Coupangは2月10日、個人情報流出の規模を巡る官民合同調査団の発表を受け、元従業員による不適切なアクセスがあったことは認めた一方、実際に保存されたデータは限定的で、外部流出や二次被害の証拠は確認されていないとの見解を示した。あわせて、報告書に記載された共用玄関コードの「5万件」という数値について、「実際のアクセスは2609件に限られる」と反論した。

同社は同日、「官民合同調査団の2025年11月データ事案調査発表に対する立場」とする声明を公表した。その中で、昨年、中国籍の元従業員が3300万件超の顧客アカウント情報に不適切にアクセスし、約3000件の情報を保存したと明らかにした。

また、国内在住だったこの元従業員が、自作ソフトウェアを使って約1億4000万回の自動照会を実行したことも認めた。一方で、保存後に第三者が追加で閲覧・利用した兆候は確認されていないと説明した。

声明では、約1億4000万回の自動照会、3300万件超のユーザーデータへのアクセス、共用玄関コードを含むデータへのアクセスは2609件、保存約3000件、不正利用の確認なし、という点を強調した。

同社によると、調査の過程で規制当局と共有してきたフォレンジック調査の結果から、元従業員が情報アクセスに使用した機器はすべて回収済みだという。確保した証拠は、本人が「約3000件のアカウント情報を保存した後に削除した」とする宣誓供述と一致するとしている。

さらに、昨年12月23日以降は、官民合同調査団と個人情報保護委員会などが回収機器を保有しており、その機器内に韓国の利用者の個人情報が保存されていないことも、フォレンジック調査で当局が把握していると説明した。

元従業員がアクセスした情報の範囲については、氏名、メールアドレス、電話番号、配送先住所、限定的な注文履歴、一部の共用玄関コードにとどまるとした。
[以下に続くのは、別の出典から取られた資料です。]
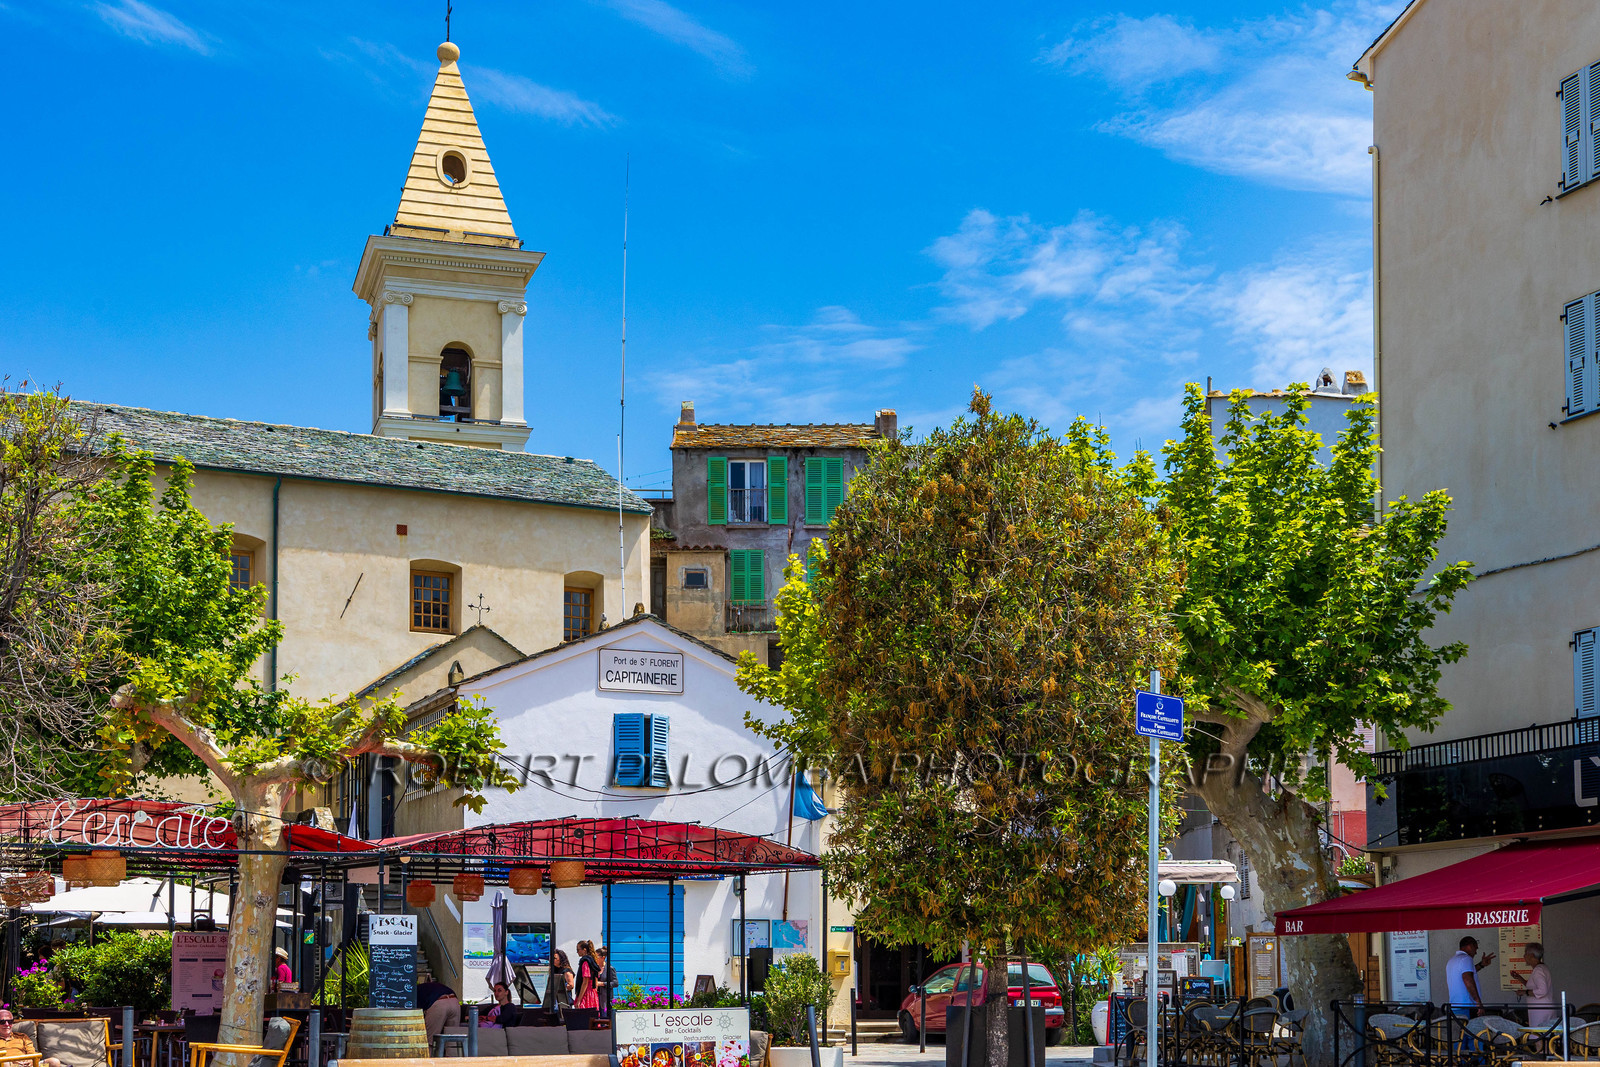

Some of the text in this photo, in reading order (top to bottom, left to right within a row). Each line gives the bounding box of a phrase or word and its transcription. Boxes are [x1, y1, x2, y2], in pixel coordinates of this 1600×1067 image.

決済情報、金融情報、ユーザーIDやパスワード、政府発行の身分証明書など、機微性の高い情報にはアクセスしていないと主張している。

この点について同社は、クラウドプラットフォーム事業者Akamaiのセキュリティログでも確認されており、当該ログは昨年12月8日に官民合同調査団と個人情報保護委員会へ提出したと説明した。

その上で、官民合同調査団が10日に公表した報告書には、共用玄関コードについて「5万件の照会が実行された」と記載されている一方、実際のアクセスが2609件に限られることを示すAkamaiのログ分析結果が反映されていないと主張した。

二次被害についても、現時点で確認されていないと強調した。同社は「独立系セキュリティ企業CNSの分析では、流出発生時点から現在までの監視結果として、二次被害に関連するダークウェブ上の活動は1件も確認されていない」としている。

また、複数の独立系インターネットセキュリティ企業から、ダークウェブ、ディープウェブ、Telegram、中国のメッセンジャープラットフォームなどに対する継続監視の結果を週次で受け取っていると明らかにした。

同社は「調査の全過程で、政府に関連する分析結果を提供してきた。今後も継続的に監視し、更新情報を提供する」としている。

一方で、二次被害を巡っては、警察が昨年12月15日に「二次被害の有無を断定しにくい」と言及したことに疑問を示した。Coupangによると、警察は同5日時点では、モニタリング結果を踏まえ、配送先情報や注文情報など流出した情報の種類が悪用されたとみられる二次被害の疑い事例は確認されていないとしていた。その後、見解が変わった理由は明らかではないとしている。

同社は「その発言から約2カ月が経過した現在まで、警察が確認し公表した二次被害の事例はない」とも述べた。

Coupangは「今後も政府の調査に全面的に協力し、追加被害の防止に必要なあらゆる措置を講じるとともに、再発防止に向けた保護体制も強化する」とした。

その上で「すべての事実が明確になることを望んでいる。今回の件で懸念を招いたことを深く遺憾に思い、影響を受けたすべての方々におわびする」とコメントした。